PROBLEM REQUIREMENTS: The output must be the line with "Some of the words" and every following line to the end of the material, exactly as they appear, and nothing else.

#####

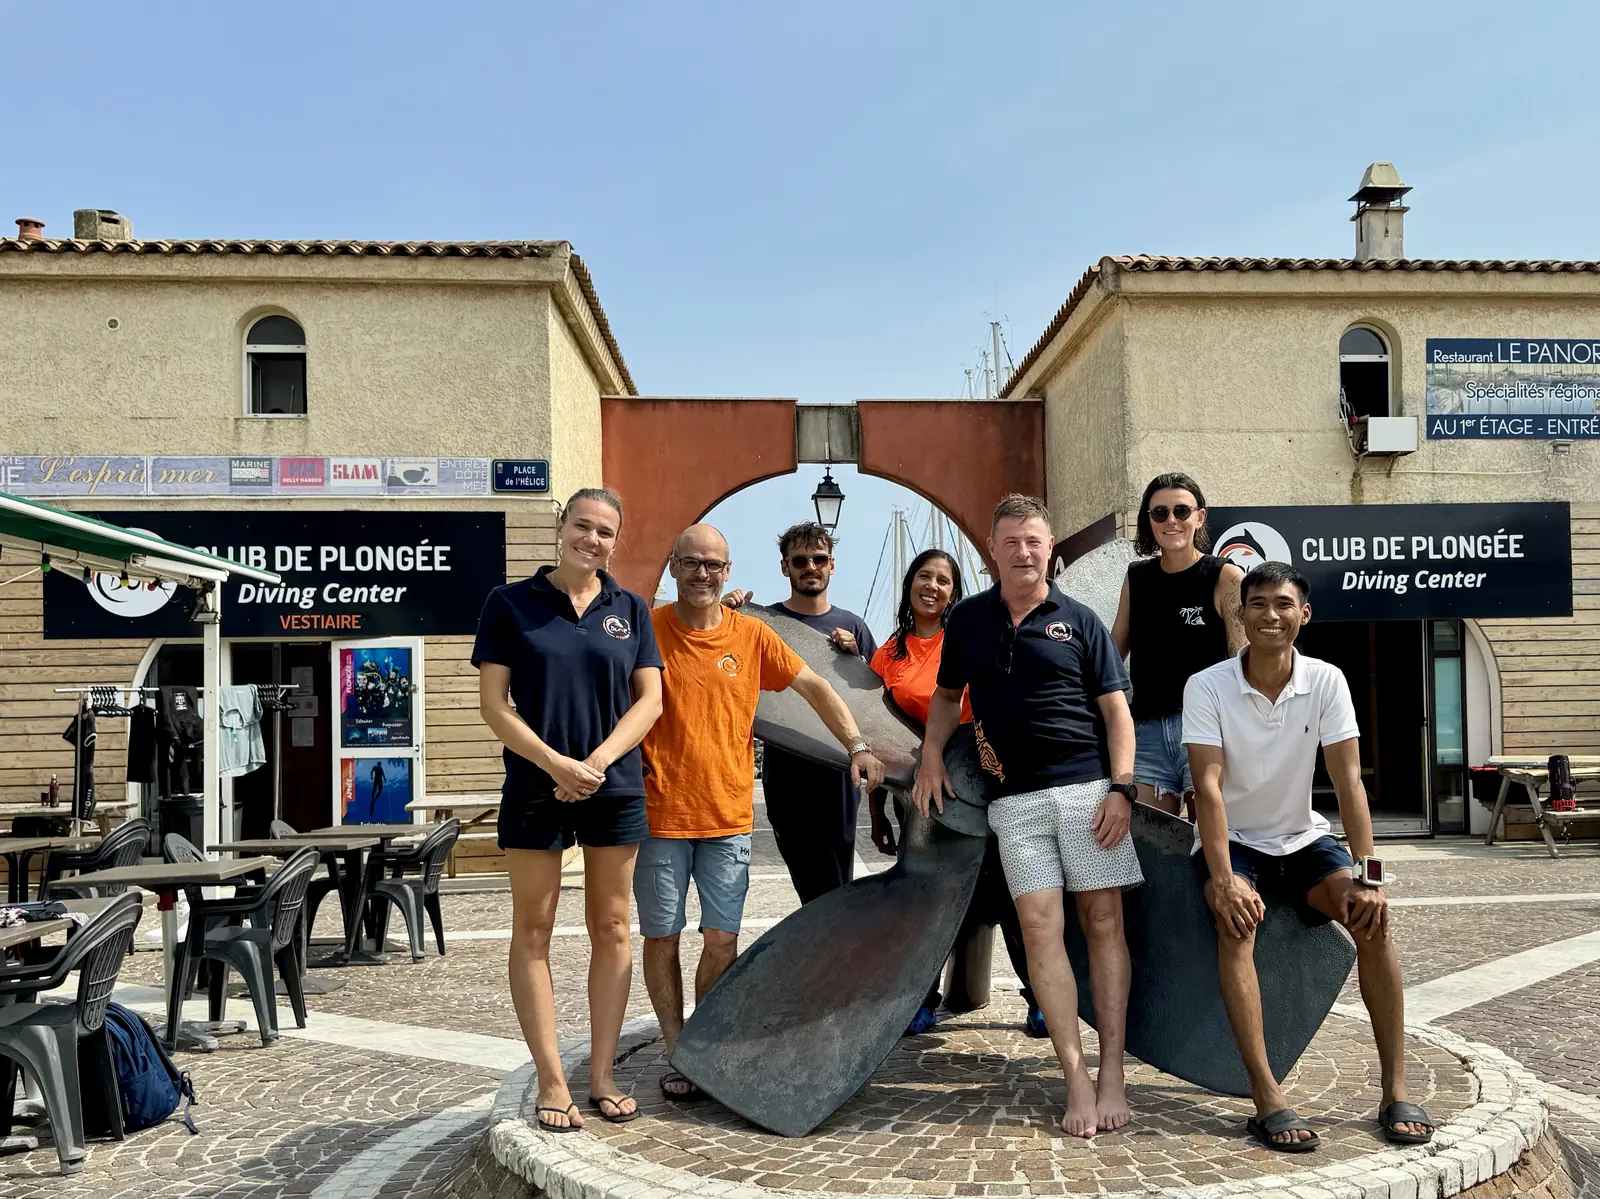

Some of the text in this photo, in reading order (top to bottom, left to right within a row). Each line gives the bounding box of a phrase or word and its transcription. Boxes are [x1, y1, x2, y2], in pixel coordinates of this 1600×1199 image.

[1433, 350, 1494, 363] Restaurant
[1497, 343, 1521, 363] LE
[1466, 381, 1545, 402] Spécialités
[1432, 419, 1457, 435] AU
[1460, 419, 1476, 435] 1er
[1480, 416, 1534, 435] ÉTAGE
[231, 460, 270, 469] MARINE
[333, 464, 379, 480] SLAM
[513, 466, 536, 475] PLACE
[158, 469, 220, 483] mer
[505, 477, 514, 486] de
[1302, 528, 1524, 562] CLUB DE PLONGÉE
[274, 545, 313, 572] DE
[320, 538, 451, 572] PLONGÉE
[1341, 569, 1487, 595] Diving Center
[237, 582, 407, 609] Diving Center
[280, 614, 361, 629] VESTIAIRE
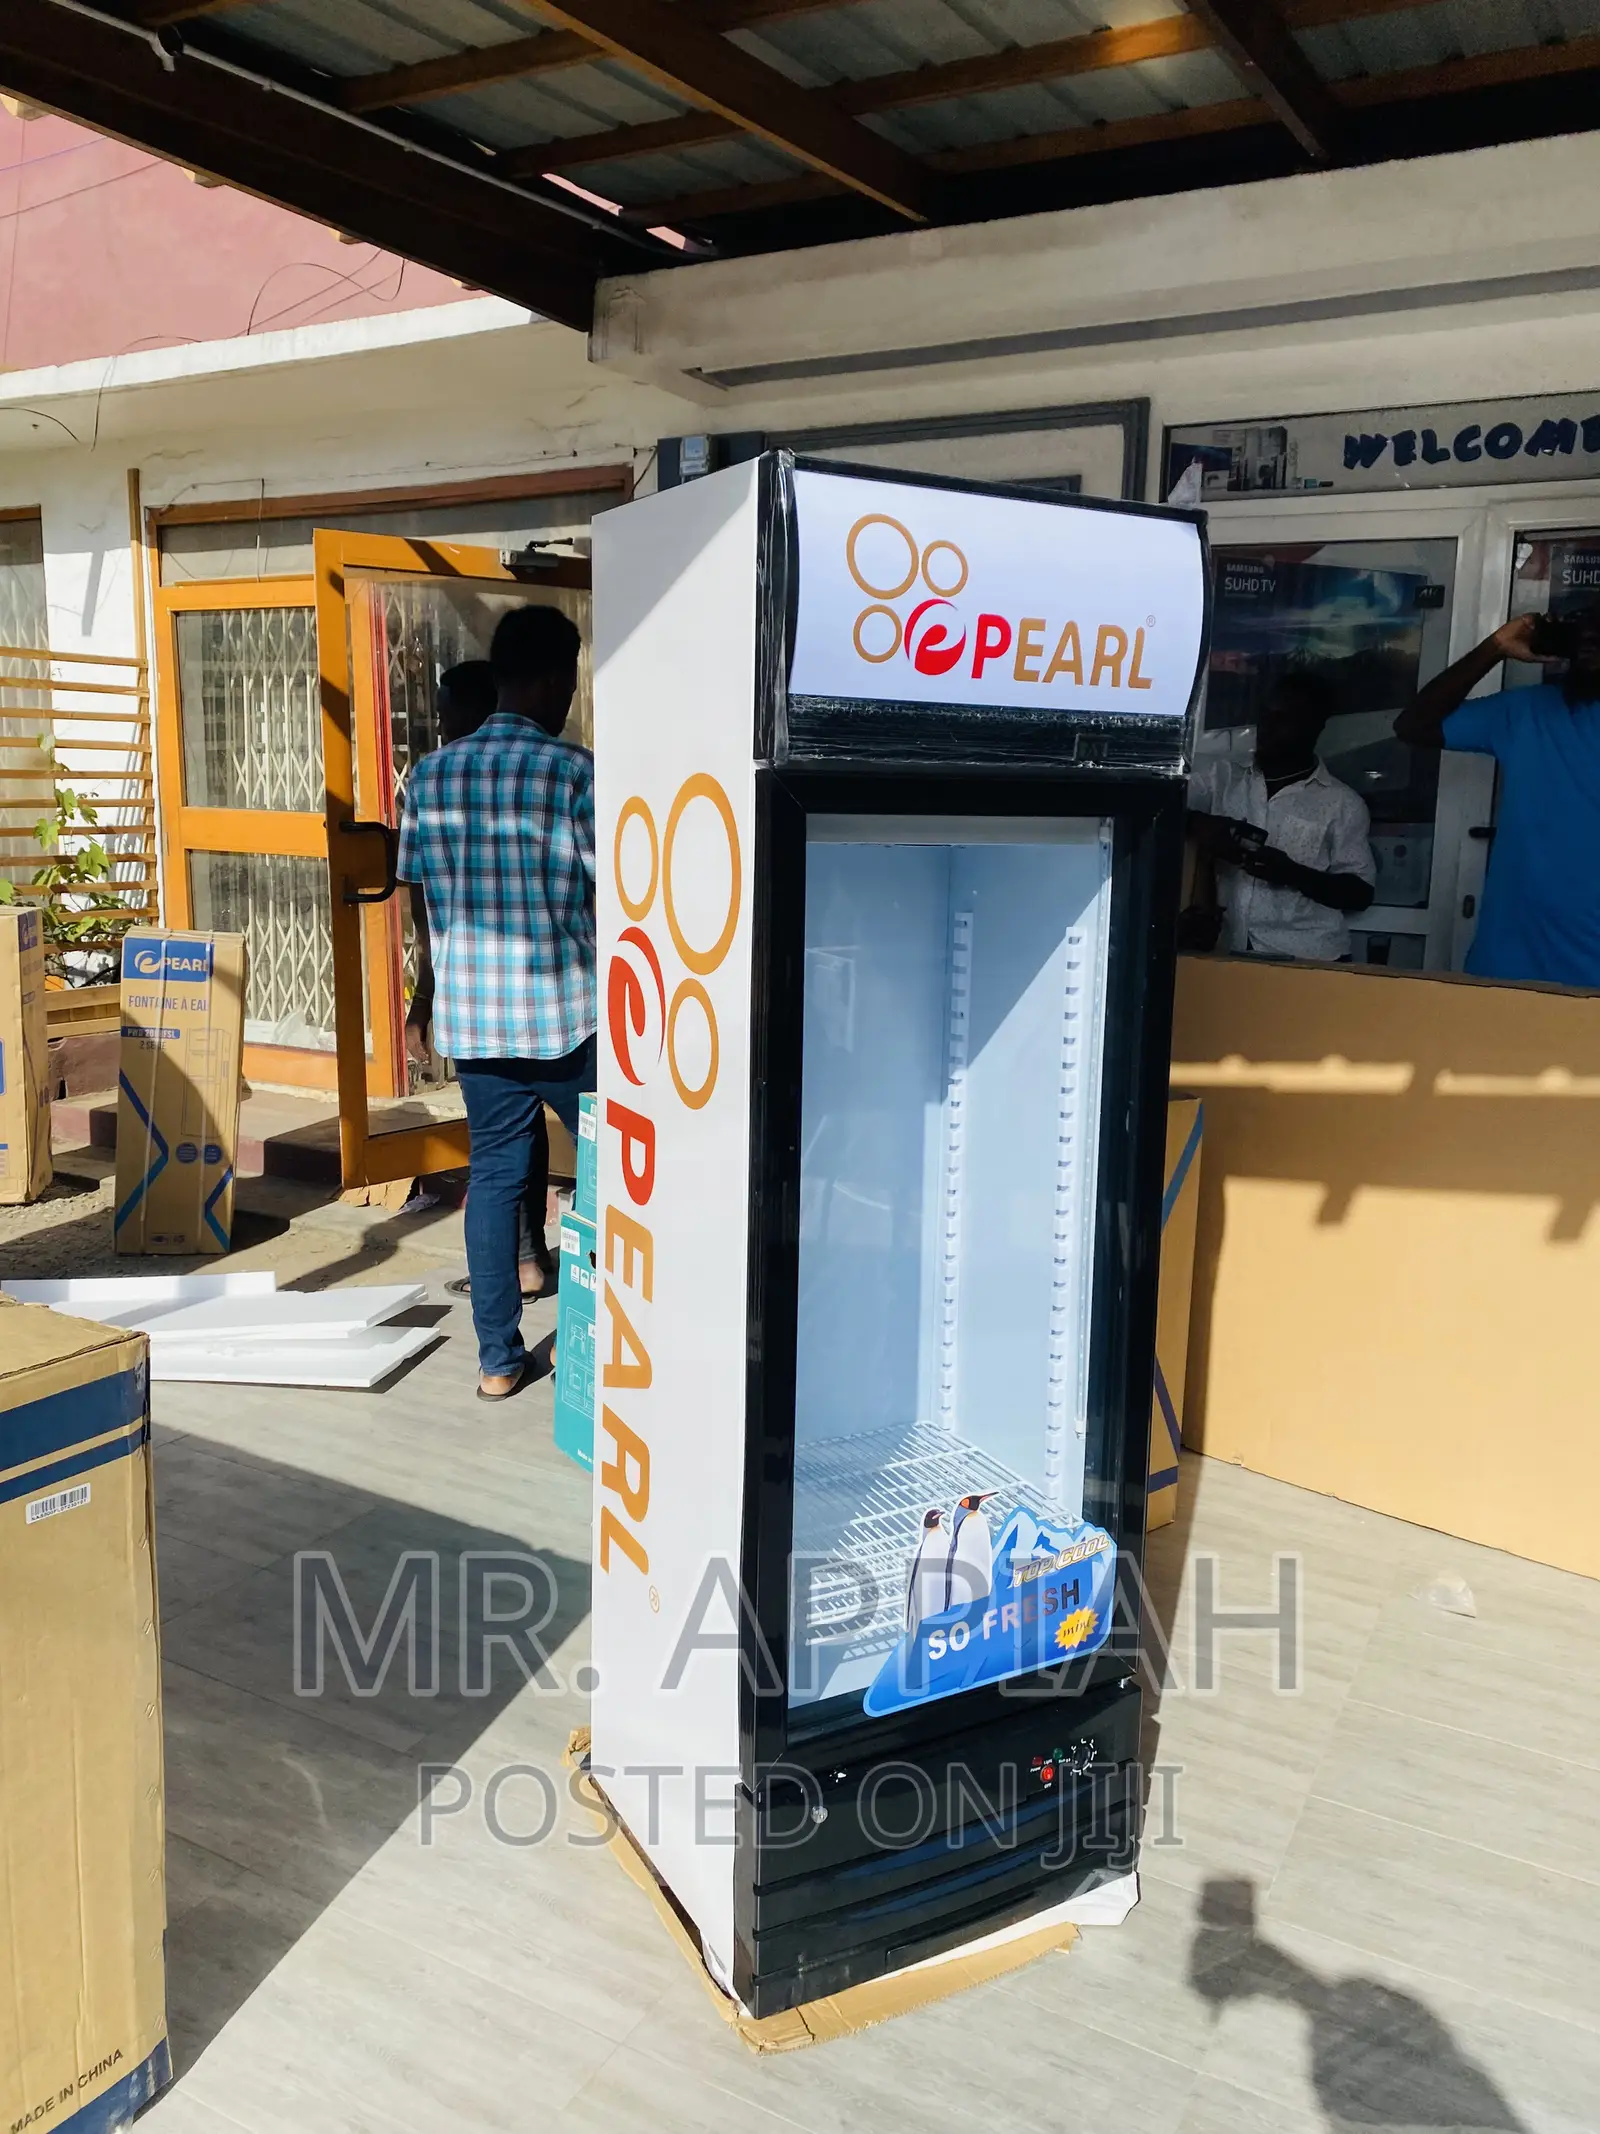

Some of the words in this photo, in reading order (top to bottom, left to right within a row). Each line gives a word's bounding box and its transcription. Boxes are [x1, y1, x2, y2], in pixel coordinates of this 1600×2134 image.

[1343, 415, 1600, 470] WELCOME
[1226, 563, 1265, 574] SAMSUNG
[971, 613, 1154, 690] PEARL
[600, 1098, 656, 1576] PEARL
[1012, 1554, 1057, 1588] TOP
[1056, 1533, 1110, 1571] COOL
[928, 1621, 971, 1661] SO
[982, 1578, 1080, 1641] FRESH
[1062, 1615, 1092, 1639] mini
[10, 2096, 57, 2134] MADE
[59, 2083, 74, 2104] IN
[77, 2048, 124, 2089] CHINA

#####

RESULT FOR THIS TASK:
Some of the words in this photo, in reading order (top to bottom, left to right within a row). Each line gives a word's bounding box and its transcription. Boxes are [x1, y1, x2, y2], in pixel coordinates of this 1600×2134 image.

[1343, 415, 1600, 470] WELCOME
[1226, 563, 1265, 574] SAMSUNG
[971, 613, 1154, 690] PEARL
[600, 1098, 656, 1576] PEARL
[1012, 1554, 1057, 1588] TOP
[1056, 1533, 1110, 1571] COOL
[928, 1621, 971, 1661] SO
[982, 1578, 1080, 1641] FRESH
[1062, 1615, 1092, 1639] mini
[10, 2096, 57, 2134] MADE
[59, 2083, 74, 2104] IN
[77, 2048, 124, 2089] CHINA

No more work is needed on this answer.